§ Records supplied:
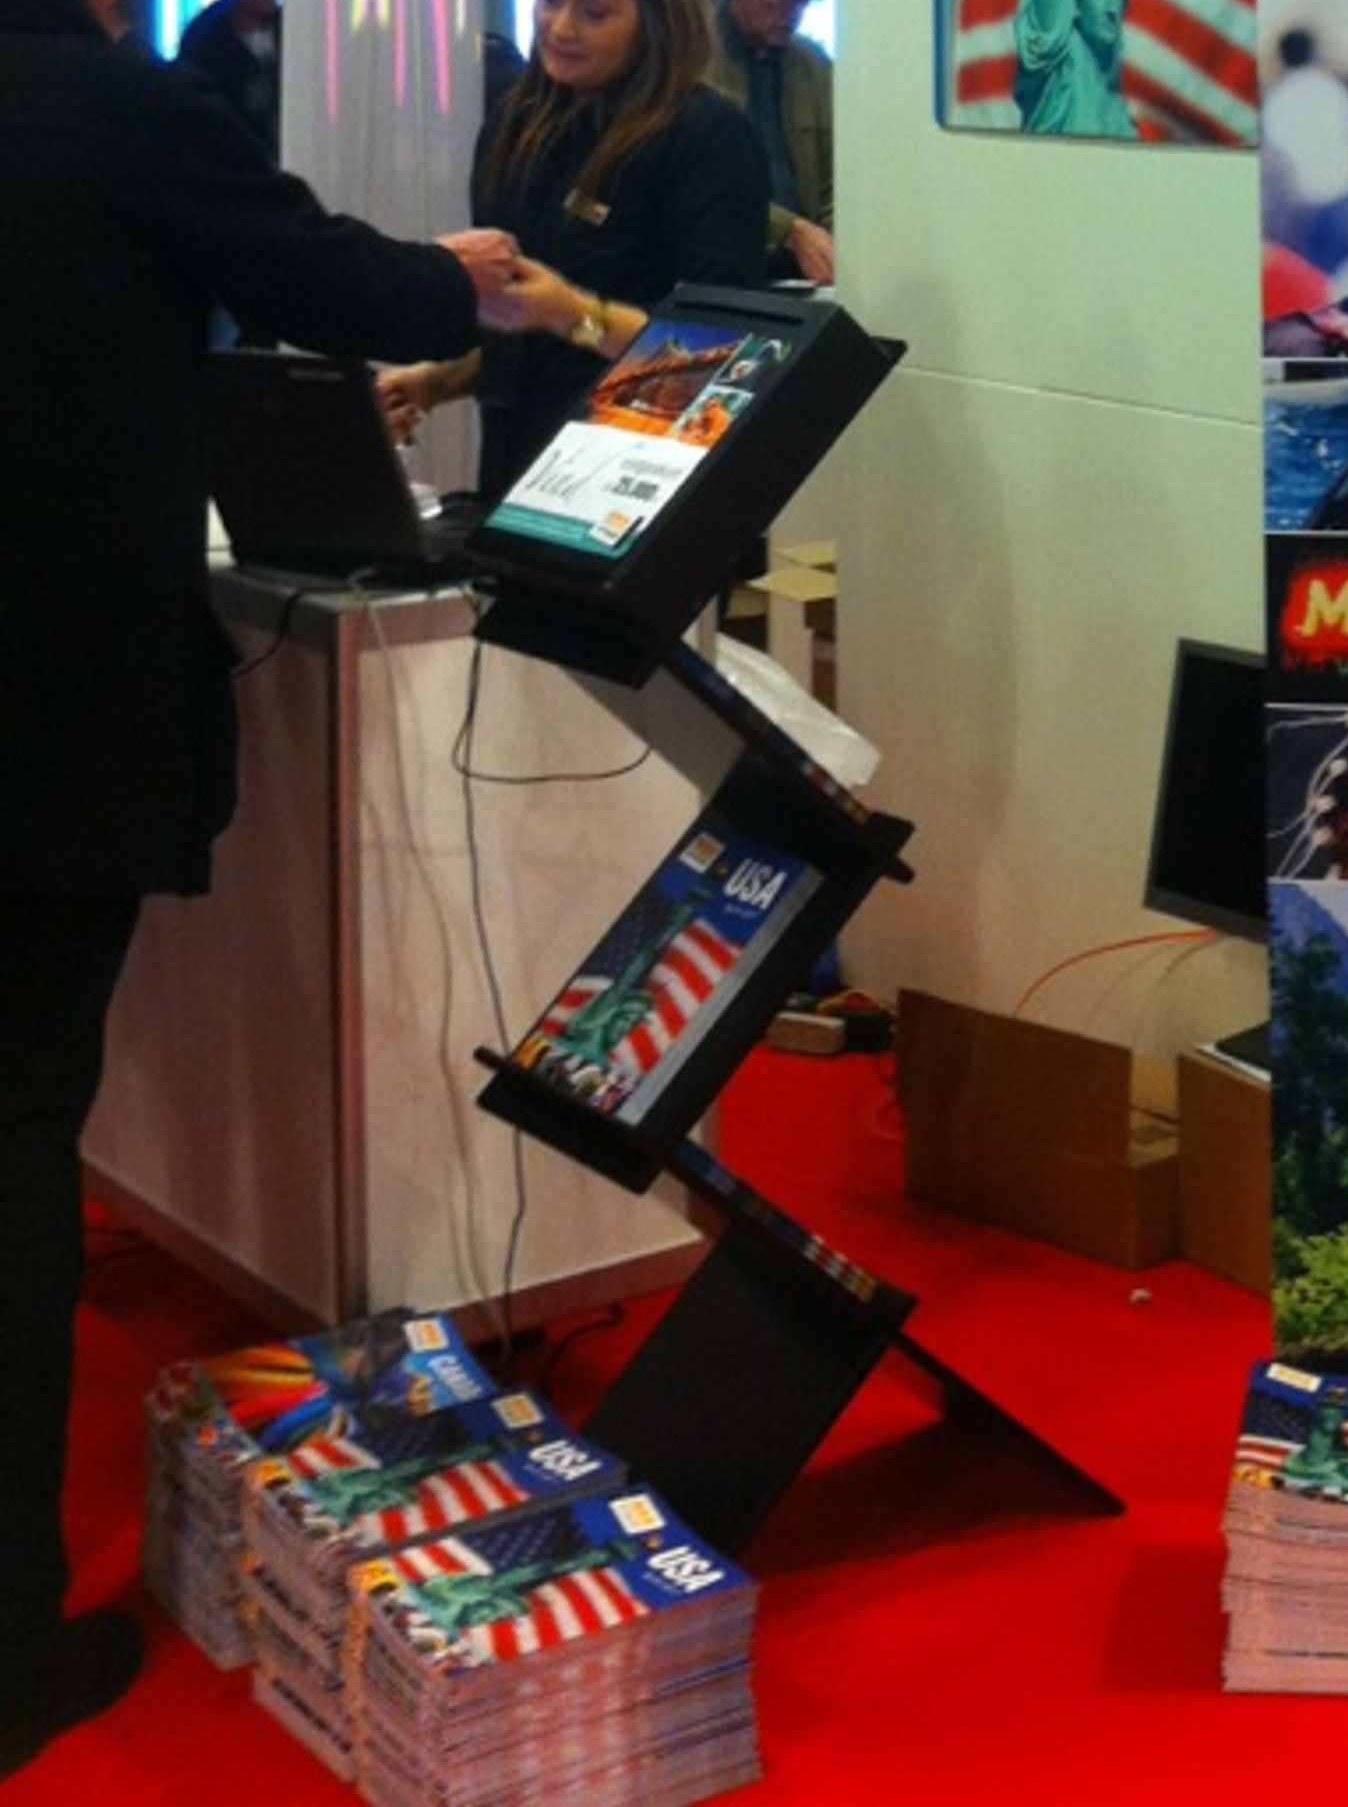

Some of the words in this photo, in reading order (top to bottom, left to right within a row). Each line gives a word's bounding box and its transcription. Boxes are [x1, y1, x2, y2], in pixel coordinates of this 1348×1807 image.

[722, 856, 790, 911] USA
[527, 1437, 603, 1483] USA
[645, 1545, 727, 1594] USA
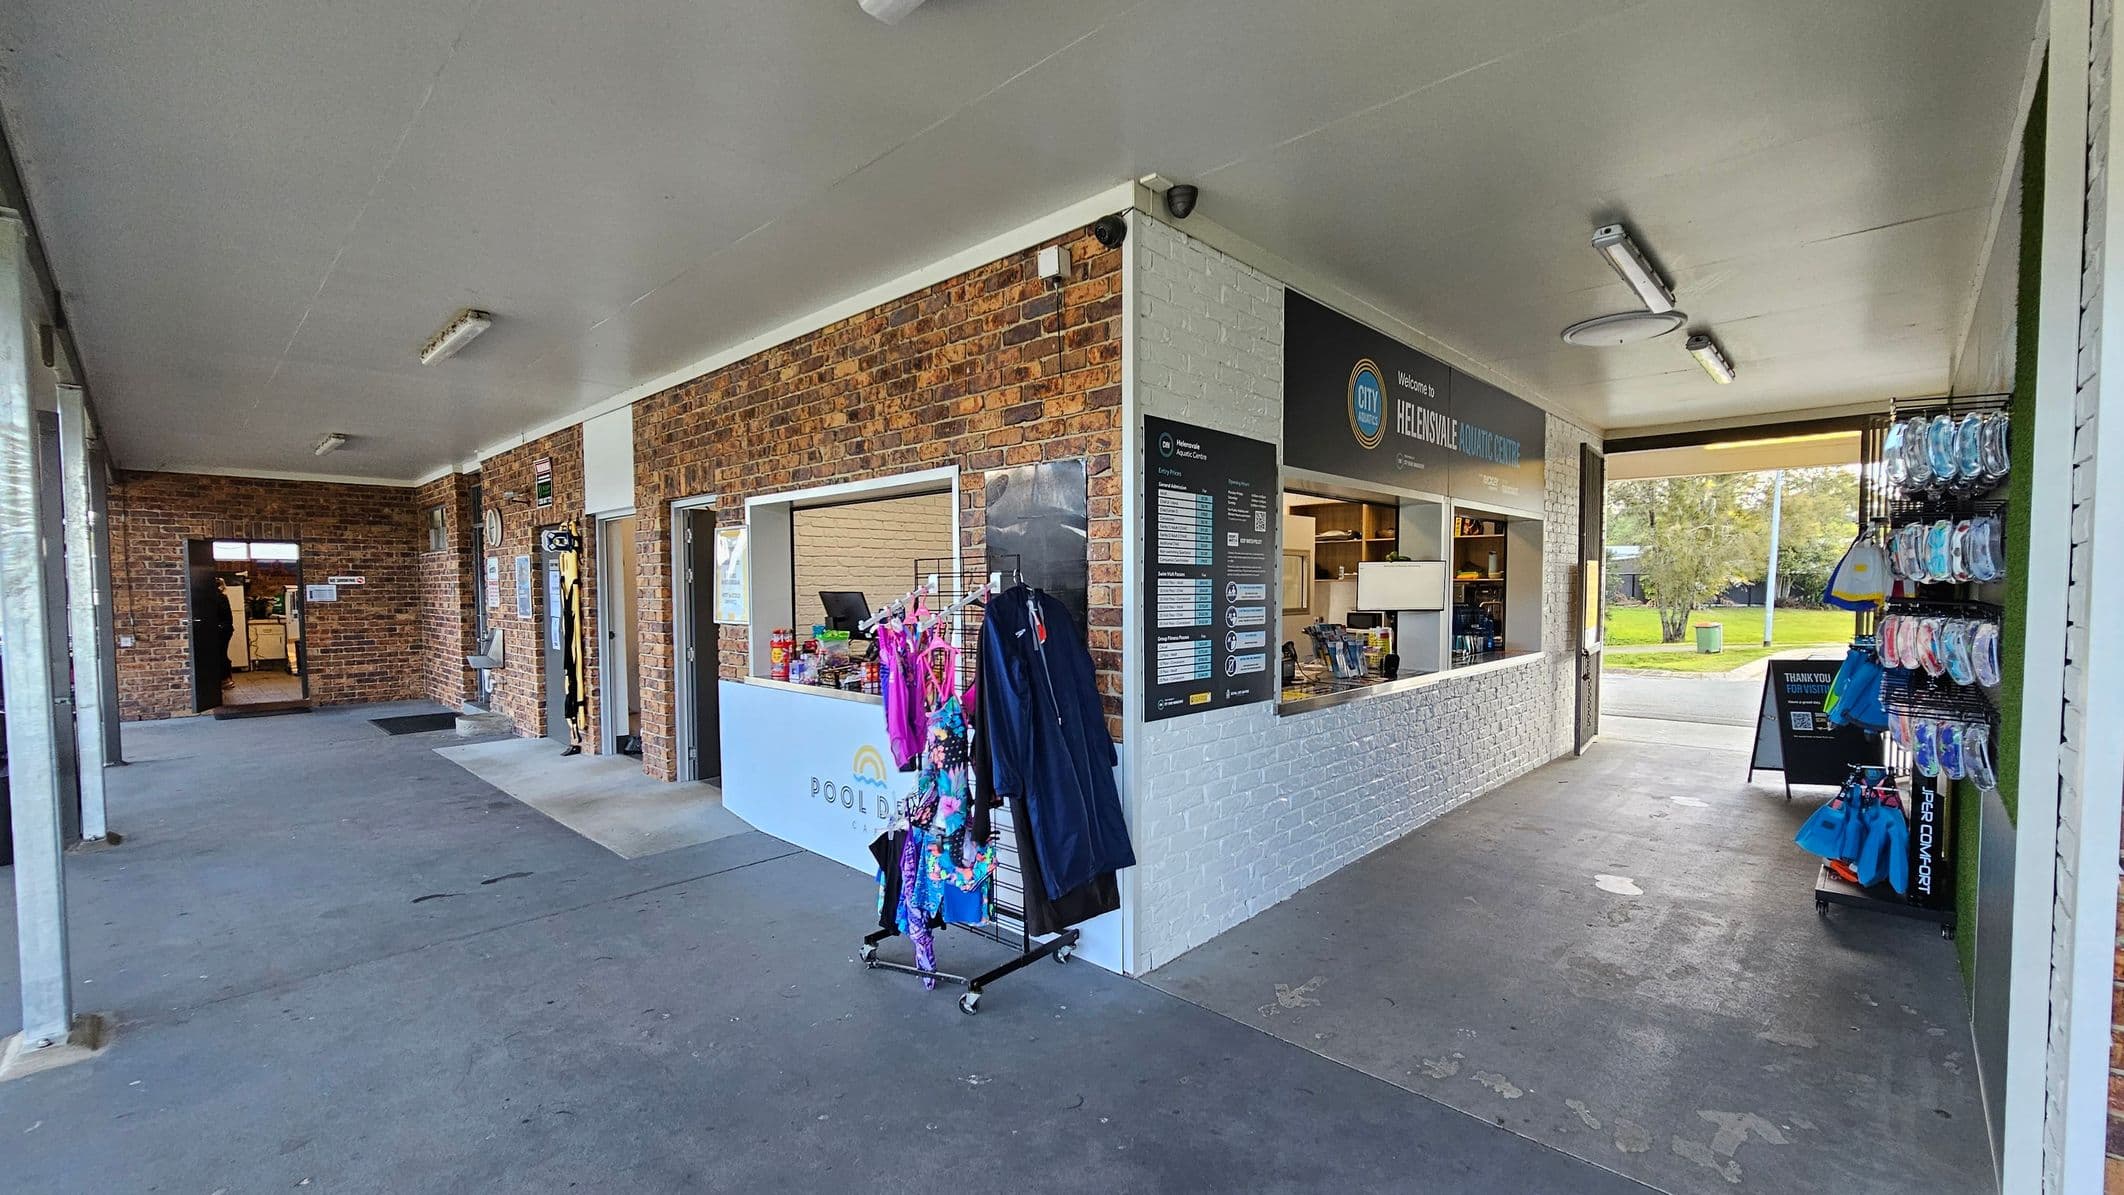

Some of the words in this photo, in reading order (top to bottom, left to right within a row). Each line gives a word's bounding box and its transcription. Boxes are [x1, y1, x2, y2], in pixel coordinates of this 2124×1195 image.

[1397, 370, 1428, 395] Welcome
[1428, 384, 1435, 398] to
[1358, 384, 1379, 413] CITY
[1358, 411, 1379, 426] AQUATICS
[1397, 398, 1458, 451] HELENSVALE
[1458, 422, 1494, 461] AQUATIC
[1494, 434, 1521, 469] CENTRE
[1176, 440, 1200, 450] Helensvale
[1176, 449, 1192, 458] Aquatic
[1193, 452, 1207, 461] Centre
[1158, 467, 1169, 476] Entry
[1784, 672, 1813, 682] THANK
[1814, 673, 1831, 683] YOU
[1787, 684, 1802, 693] FOR
[1803, 684, 1829, 694] VISITI
[810, 776, 867, 814] POOL
[877, 795, 904, 819] DE
[1918, 825, 1932, 895] COMFORT
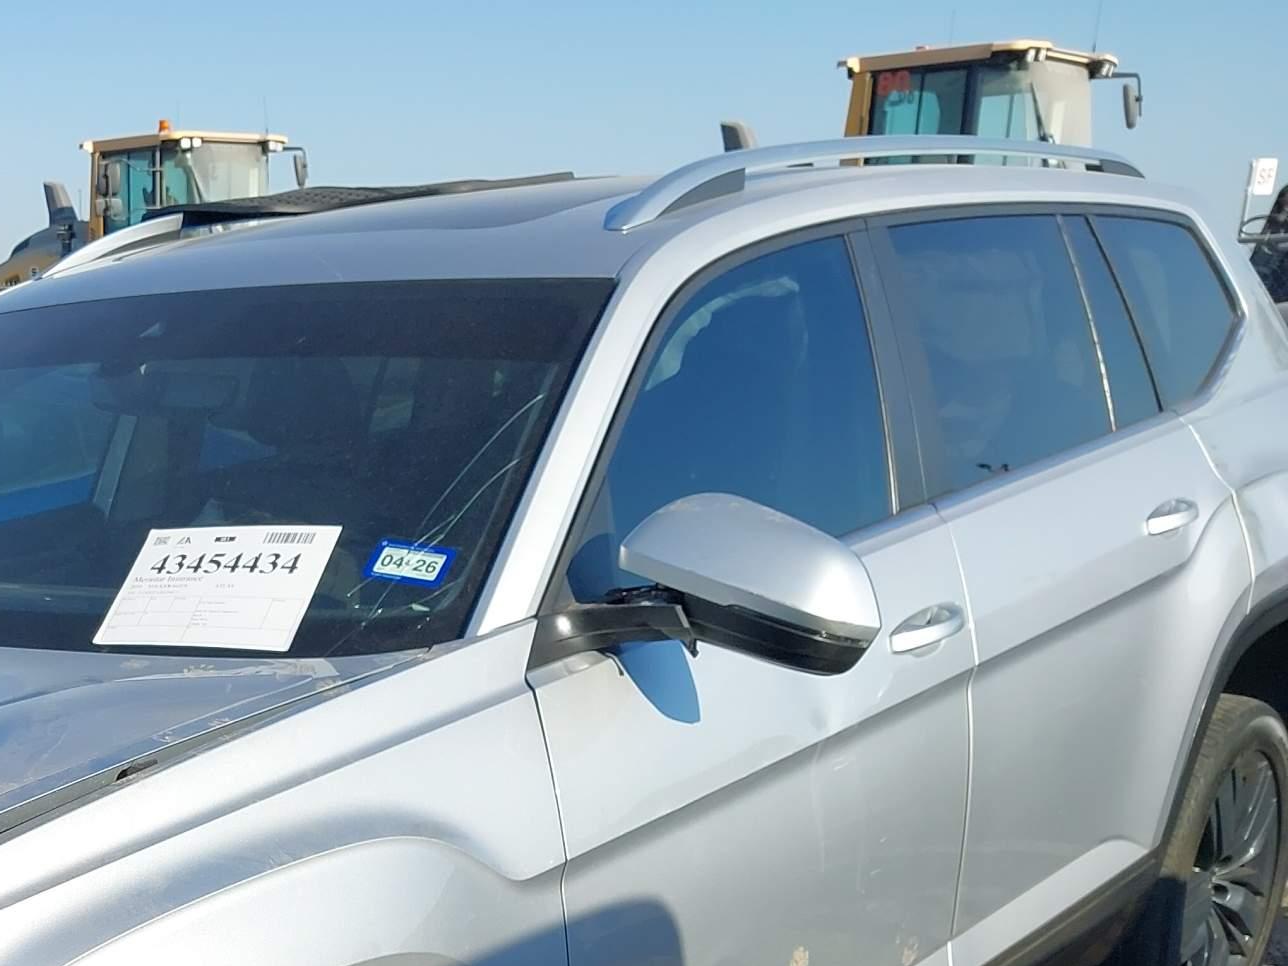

§ Exercise instructions: Leave out the pictures, and please output only the lines from the line that contains "this 2124×1195 image." through the end of the data, both ends included.

§ Response below:
Some of the words in this photo, in reading order (top to bottom, left to right within a row). Each line gives a word's bounding box and its transcription. Boxes are [x1, y1, x2, y2], in pixel coordinates of this 2124×1195 image.

[1397, 370, 1428, 395] Welcome
[1428, 384, 1435, 398] to
[1358, 384, 1379, 413] CITY
[1358, 411, 1379, 426] AQUATICS
[1397, 398, 1458, 451] HELENSVALE
[1458, 422, 1494, 461] AQUATIC
[1494, 434, 1521, 469] CENTRE
[1176, 440, 1200, 450] Helensvale
[1176, 449, 1192, 458] Aquatic
[1193, 452, 1207, 461] Centre
[1158, 467, 1169, 476] Entry
[1784, 672, 1813, 682] THANK
[1814, 673, 1831, 683] YOU
[1787, 684, 1802, 693] FOR
[1803, 684, 1829, 694] VISITI
[810, 776, 867, 814] POOL
[877, 795, 904, 819] DE
[1918, 825, 1932, 895] COMFORT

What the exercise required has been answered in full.